-- Data for this exercise --
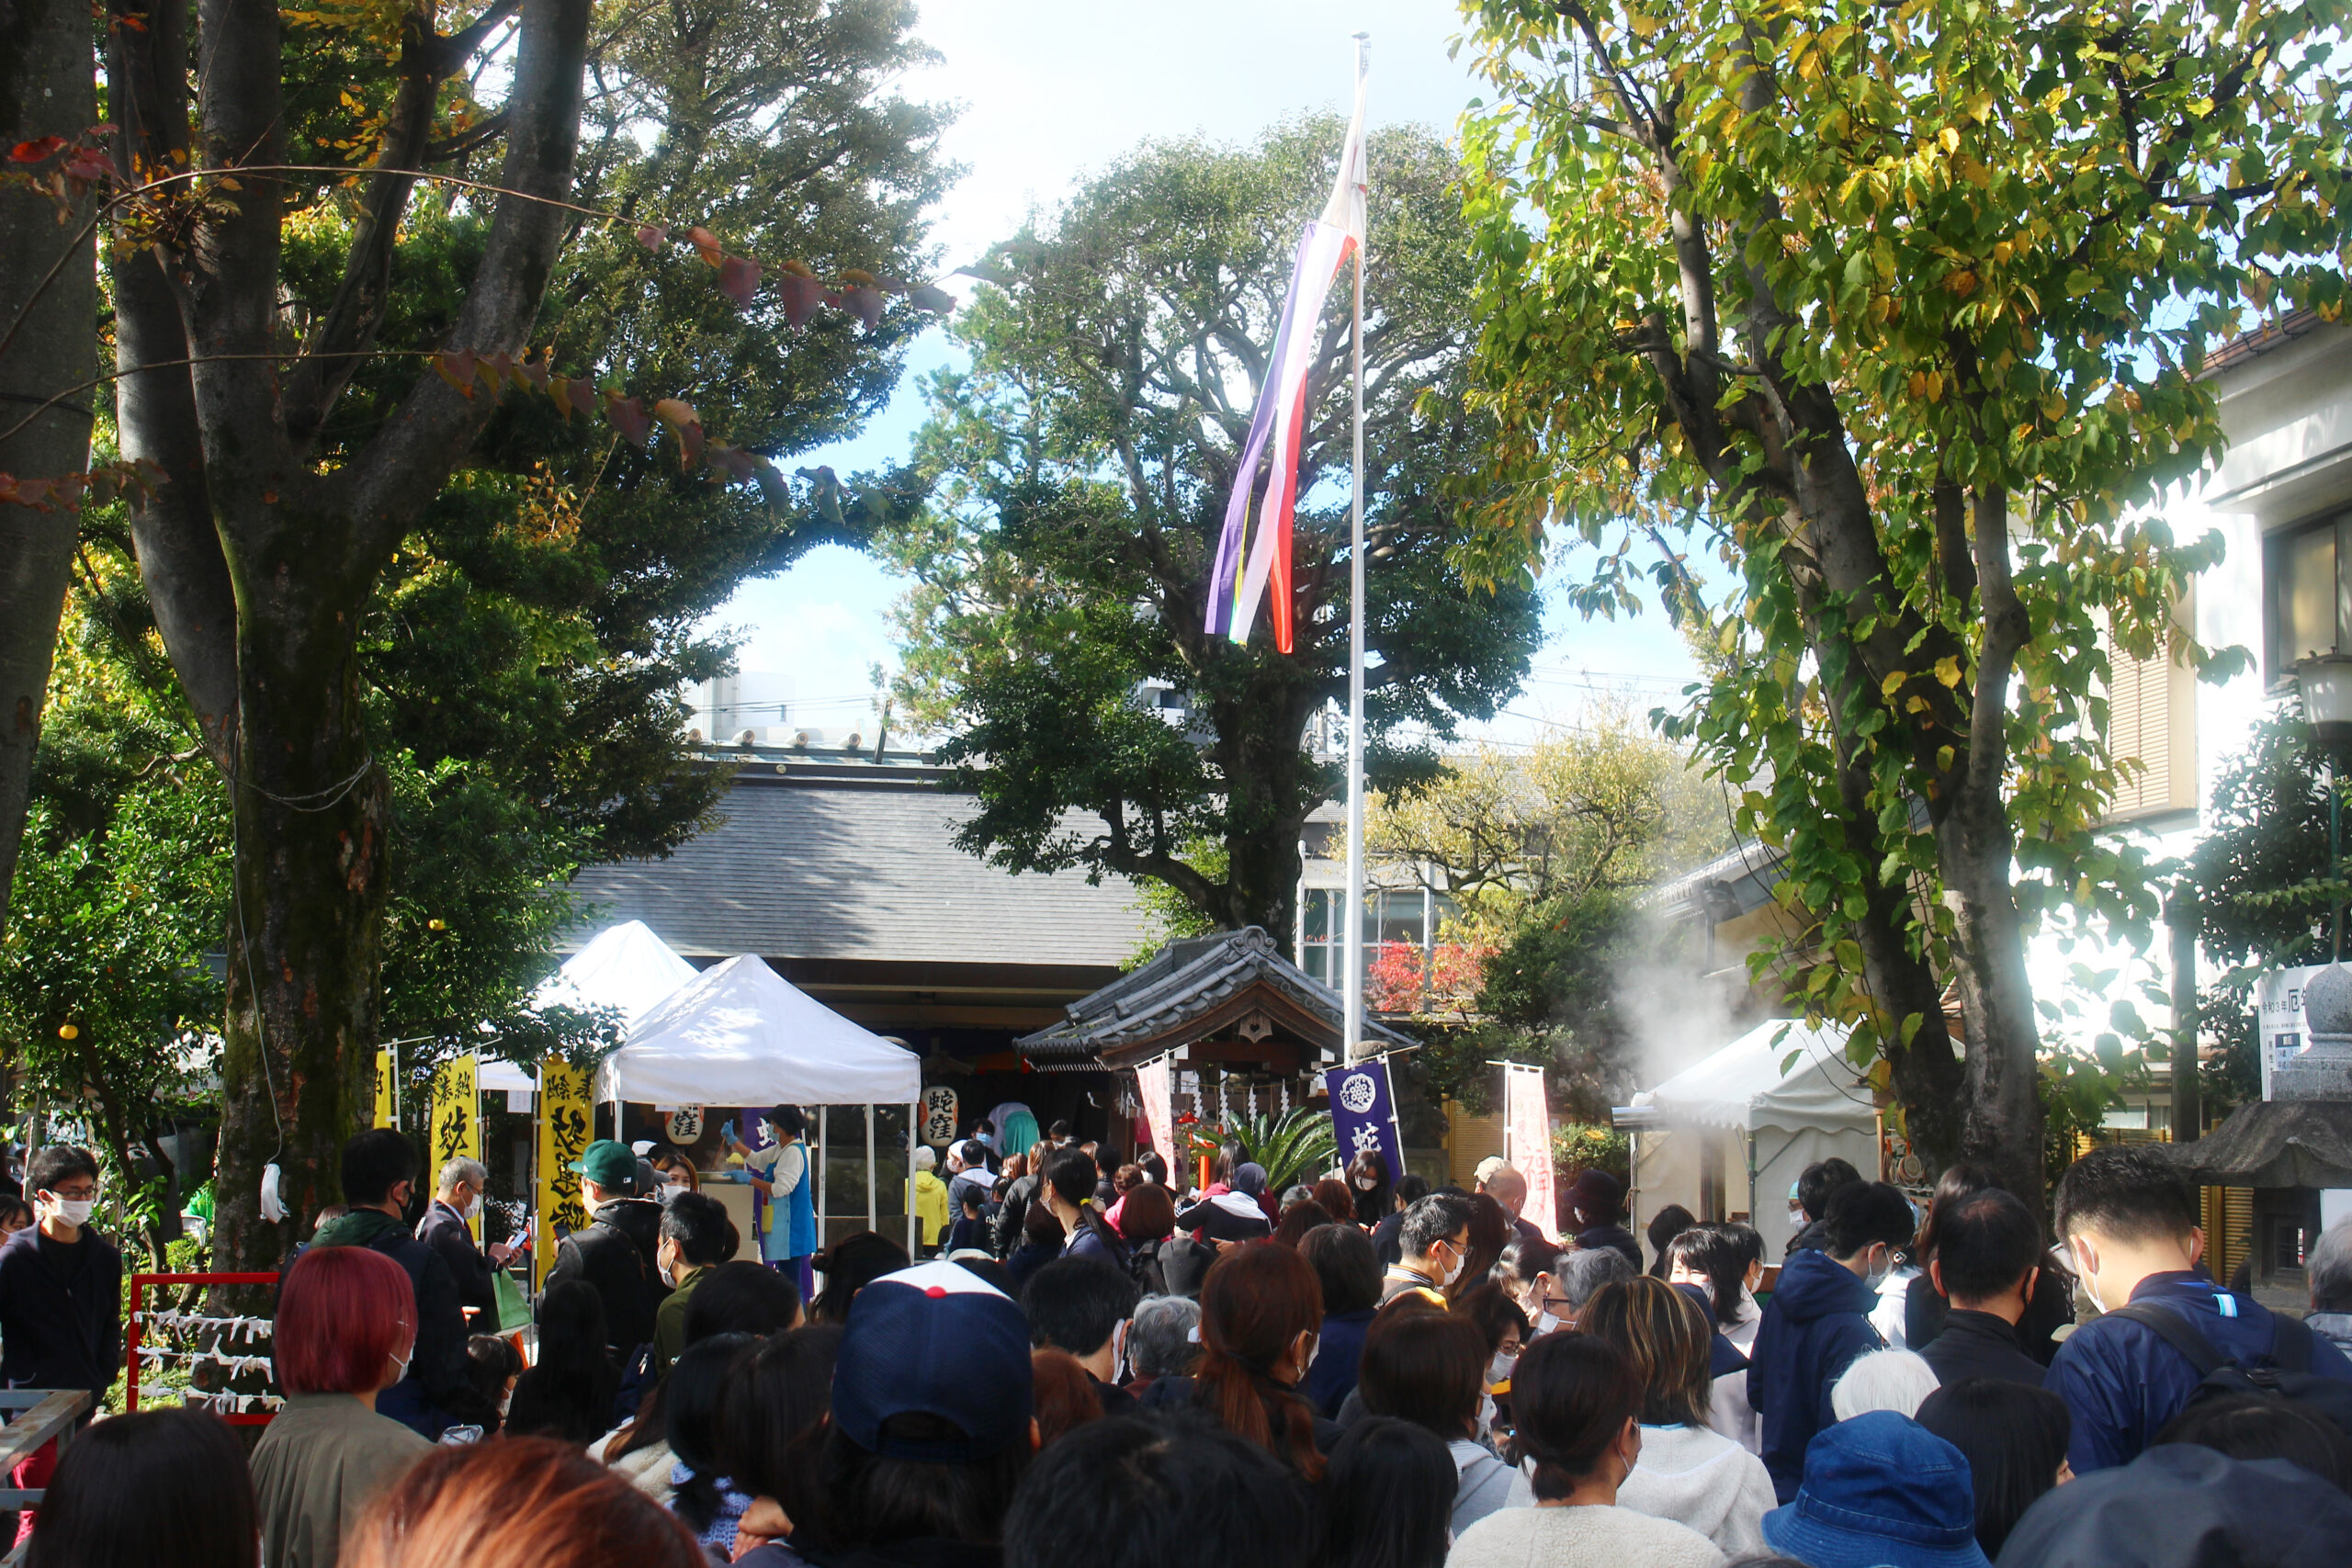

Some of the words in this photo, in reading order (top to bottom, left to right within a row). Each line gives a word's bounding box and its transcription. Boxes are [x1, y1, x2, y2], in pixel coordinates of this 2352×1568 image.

[674, 1106, 698, 1136] 窪
[929, 1089, 954, 1140] 蛇窪
[439, 1105, 469, 1173] 財
[1351, 1122, 1383, 1155] 蛇

-- Task details --
Exactly as they stand, set down all of the entries above, minus every picture.

-- Written reply --
Some of the words in this photo, in reading order (top to bottom, left to right within a row). Each line gives a word's bounding box and its transcription. Boxes are [x1, y1, x2, y2], in pixel coordinates of this 2352×1568 image.

[674, 1106, 698, 1136] 窪
[929, 1089, 954, 1140] 蛇窪
[439, 1105, 469, 1173] 財
[1351, 1122, 1383, 1155] 蛇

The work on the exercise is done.